-- Opening Marker --

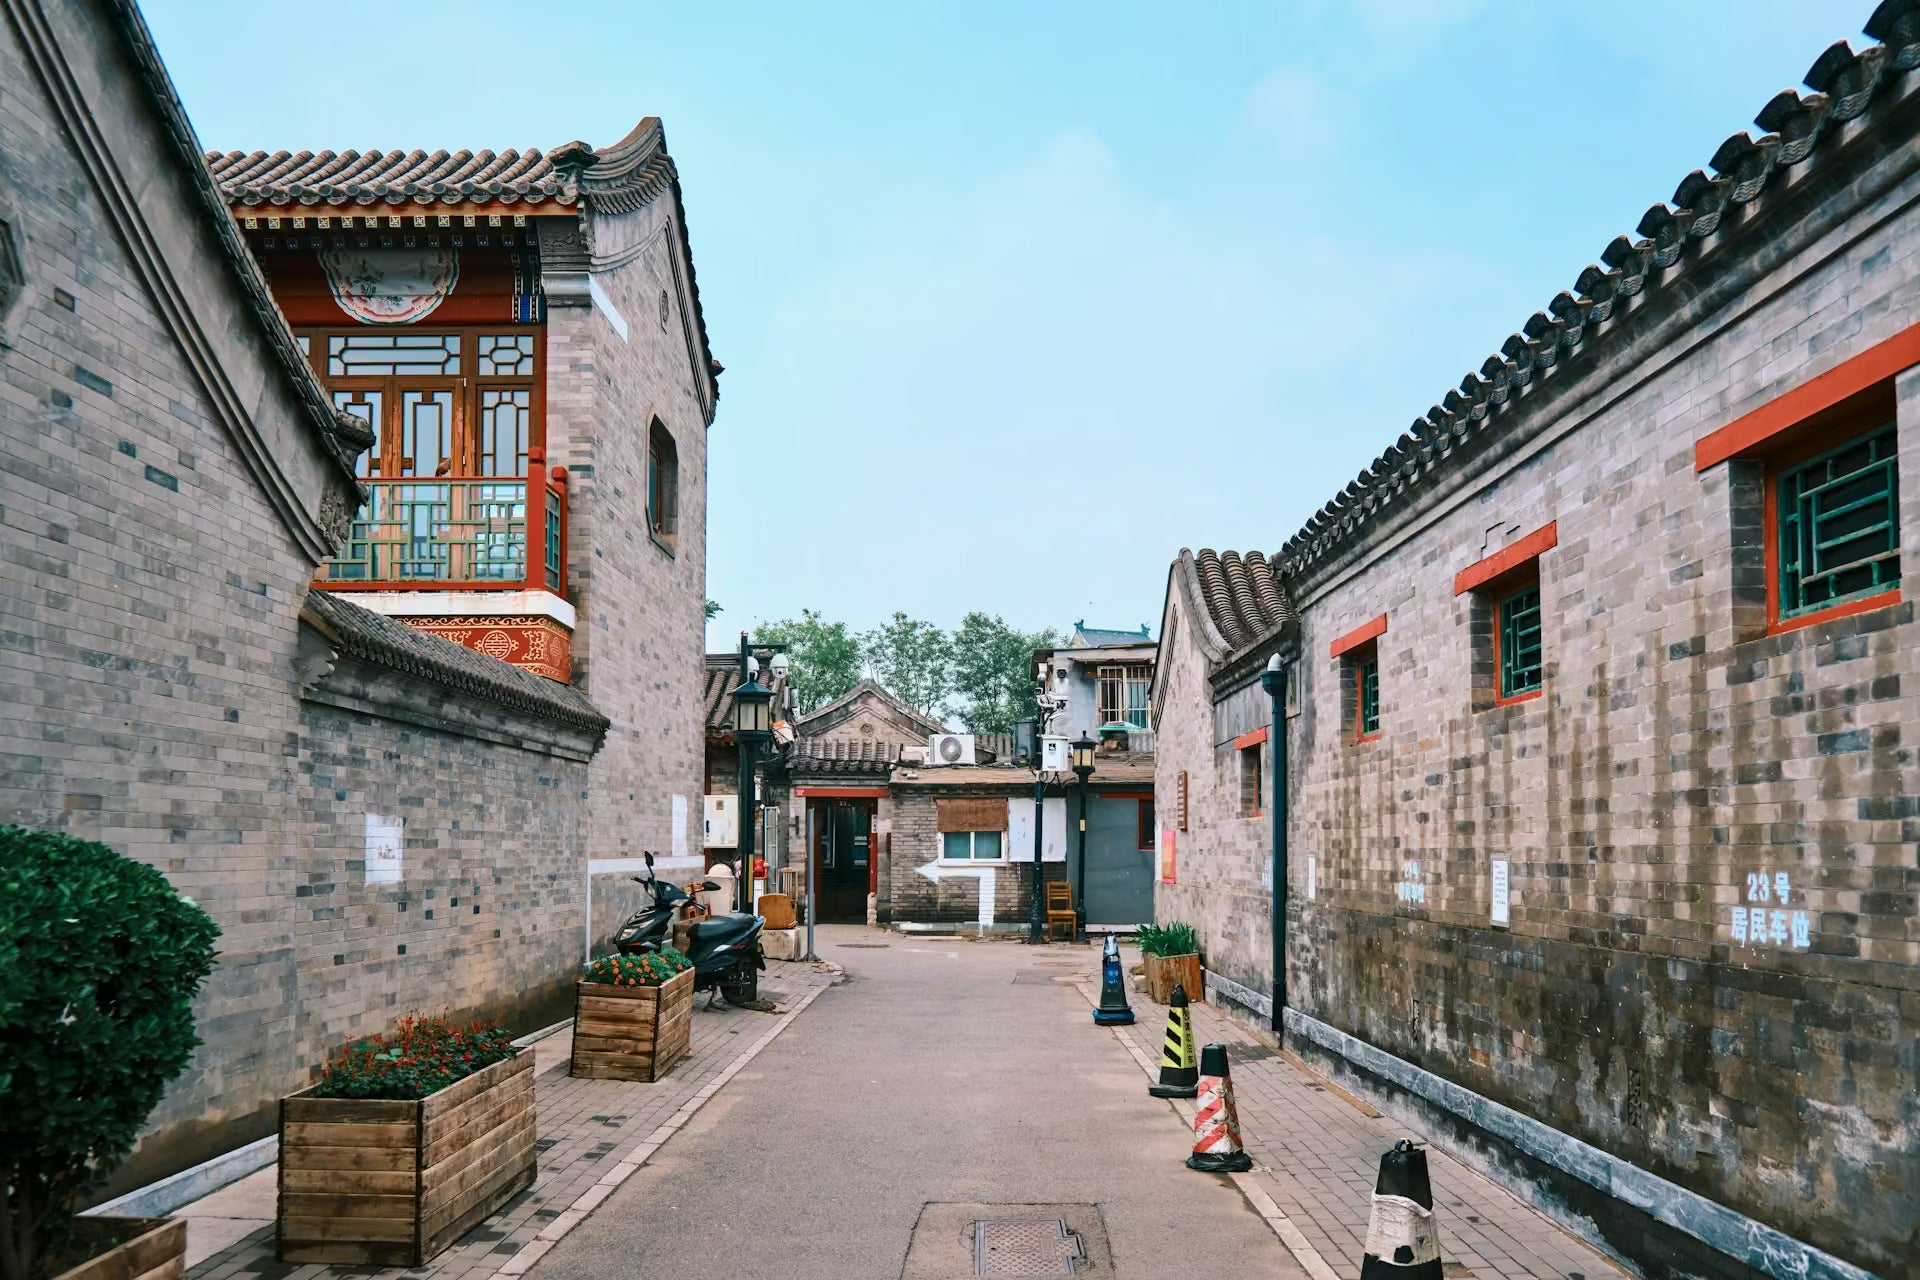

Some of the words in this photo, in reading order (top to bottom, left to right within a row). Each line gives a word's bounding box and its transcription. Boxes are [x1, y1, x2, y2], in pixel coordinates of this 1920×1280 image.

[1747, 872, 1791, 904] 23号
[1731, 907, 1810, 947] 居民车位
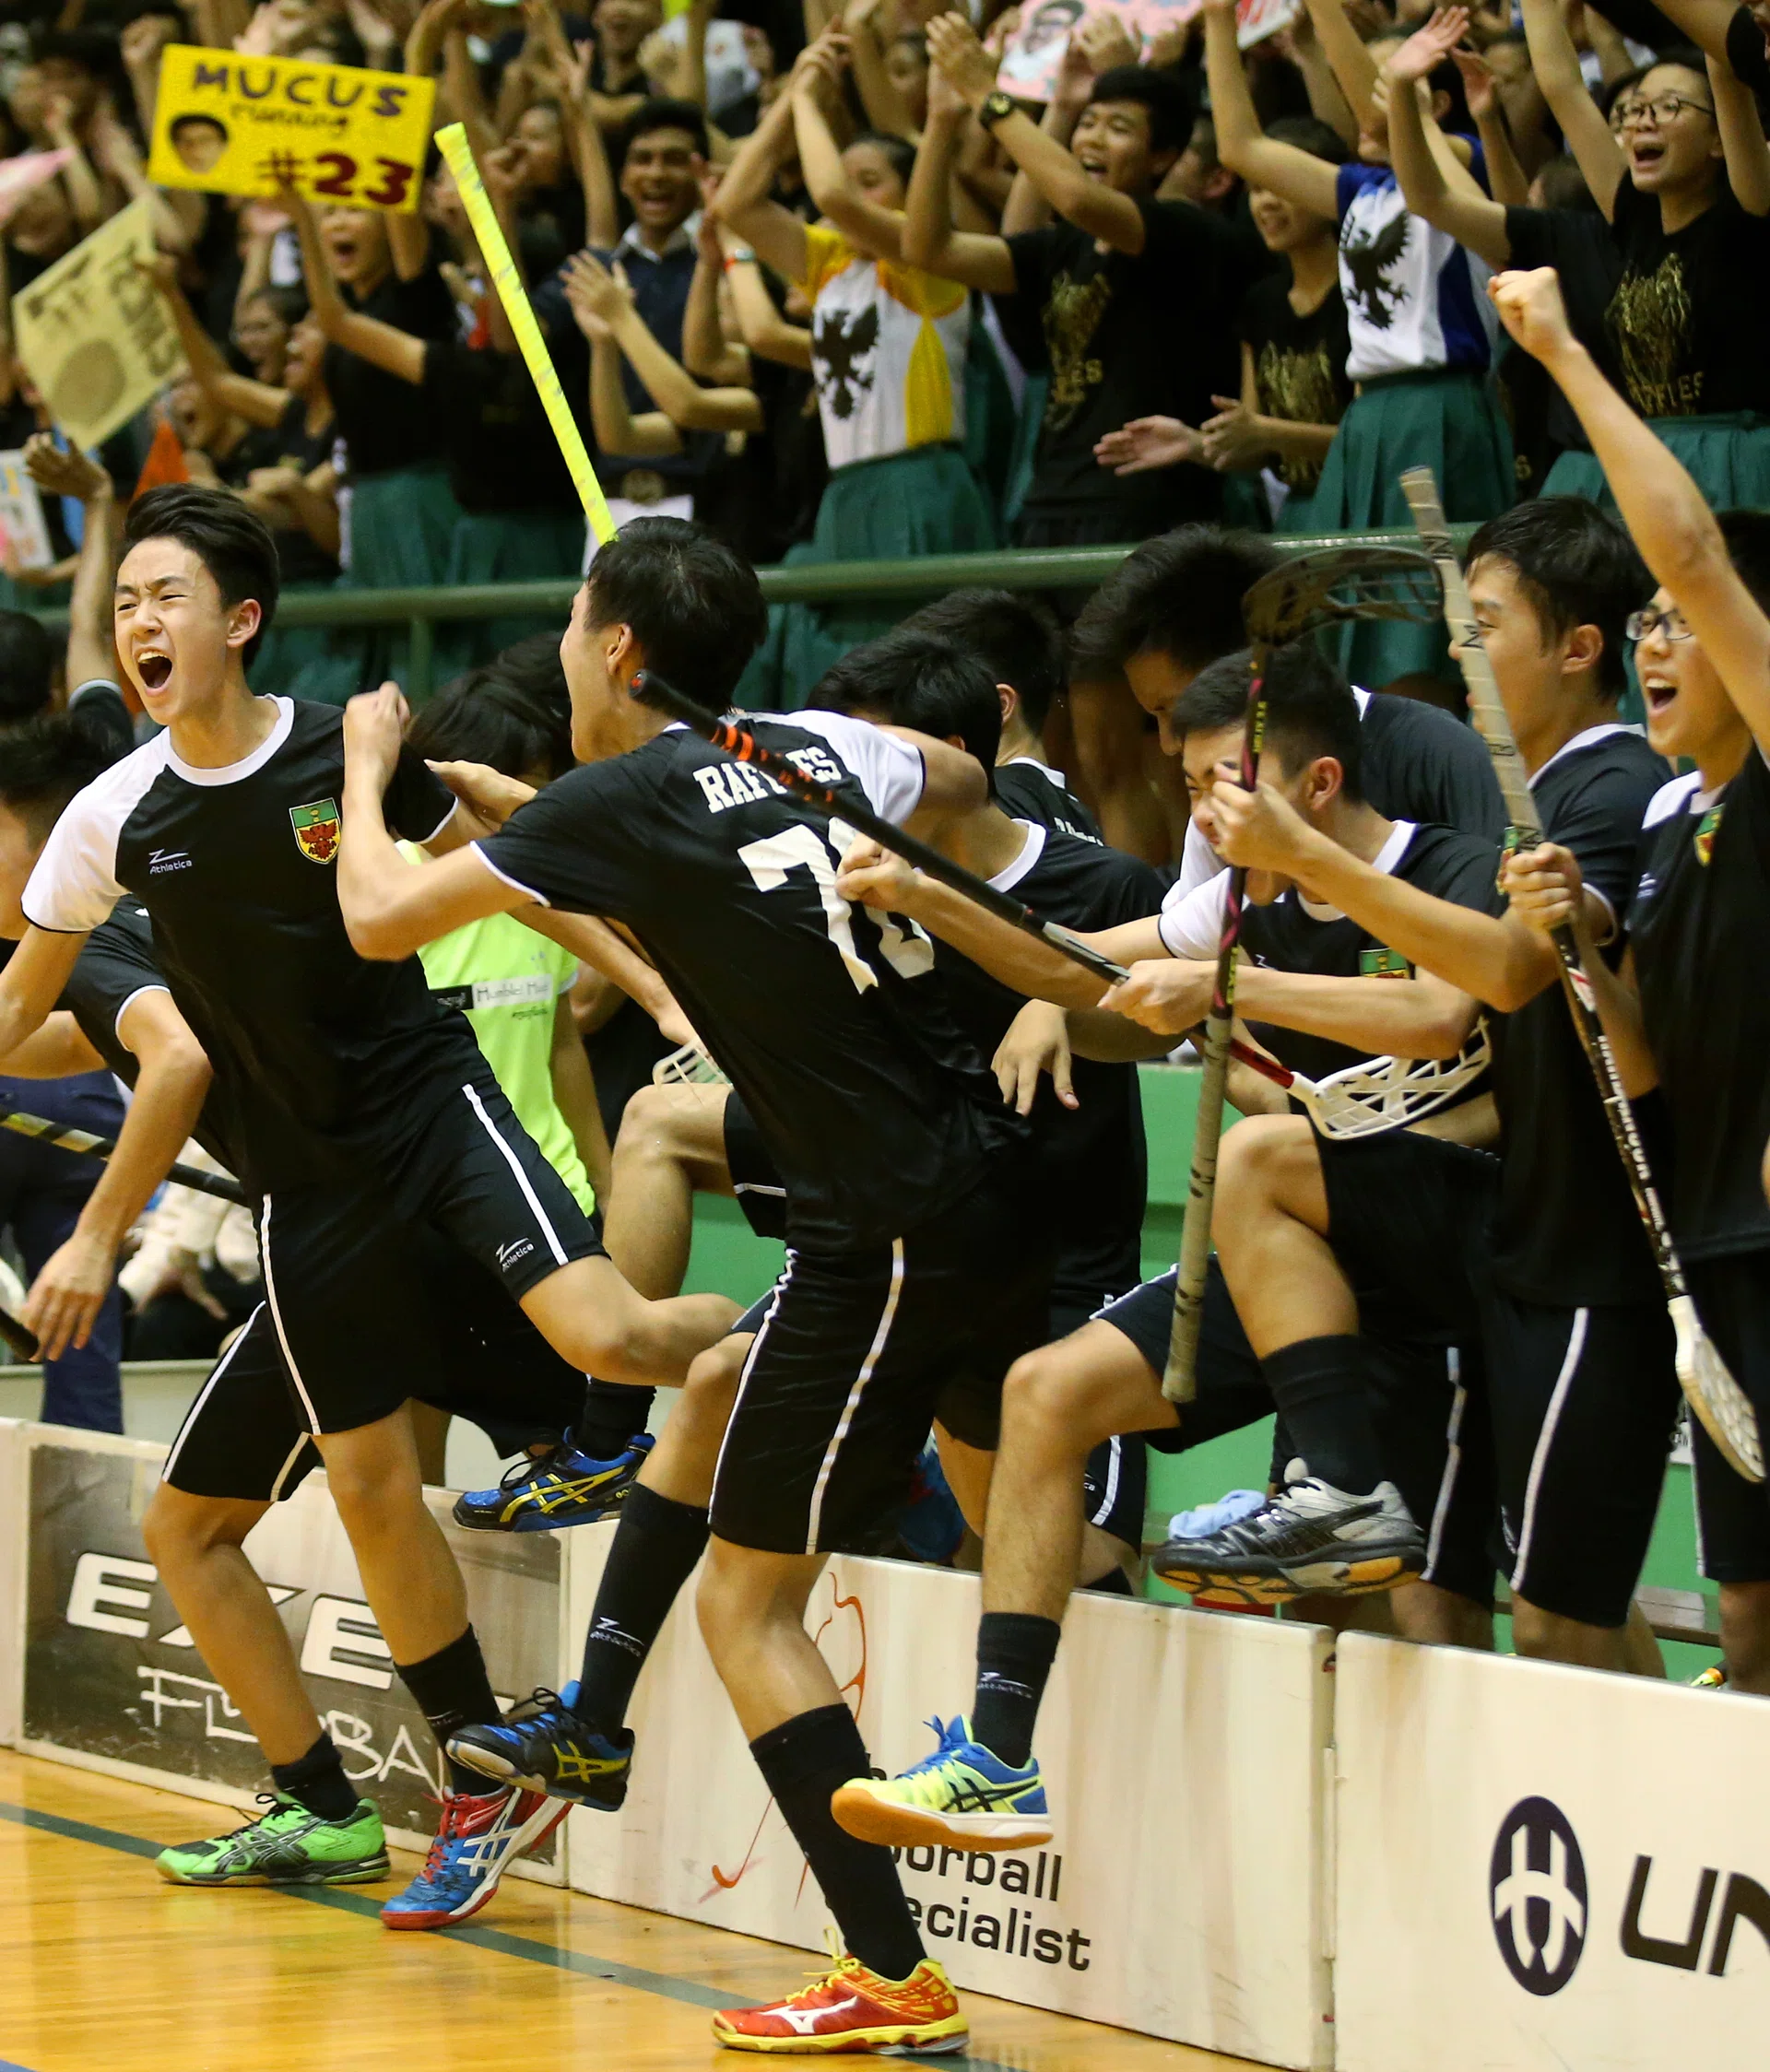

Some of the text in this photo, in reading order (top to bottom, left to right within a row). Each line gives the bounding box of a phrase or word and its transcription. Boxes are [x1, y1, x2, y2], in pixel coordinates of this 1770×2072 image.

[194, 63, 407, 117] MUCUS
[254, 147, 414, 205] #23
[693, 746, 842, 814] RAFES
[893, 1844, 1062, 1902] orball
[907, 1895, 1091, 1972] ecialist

-- Closing Marker --

## TASK BRIEF
Copy the listing exactly but drop its images.

## SOLVED EXERCISE
Some of the words in this photo, in reading order (top to bottom, left to right within a row). Each line gives a word's bounding box and its transcription. Boxes are [x1, y1, x2, y2], in pixel coordinates of this 1920×1280 image.

[1747, 872, 1791, 904] 23号
[1731, 907, 1810, 947] 居民车位

Some of the text in this photo, in reading order (top to bottom, left to right within a row). Each line gives the bounding box of a phrase or word and its transcription. Boxes are [x1, y1, x2, y2], in pixel coordinates of this 1770×2072 image.

[194, 63, 407, 117] MUCUS
[254, 147, 414, 205] #23
[693, 746, 842, 814] RAFES
[893, 1844, 1062, 1902] orball
[907, 1895, 1091, 1972] ecialist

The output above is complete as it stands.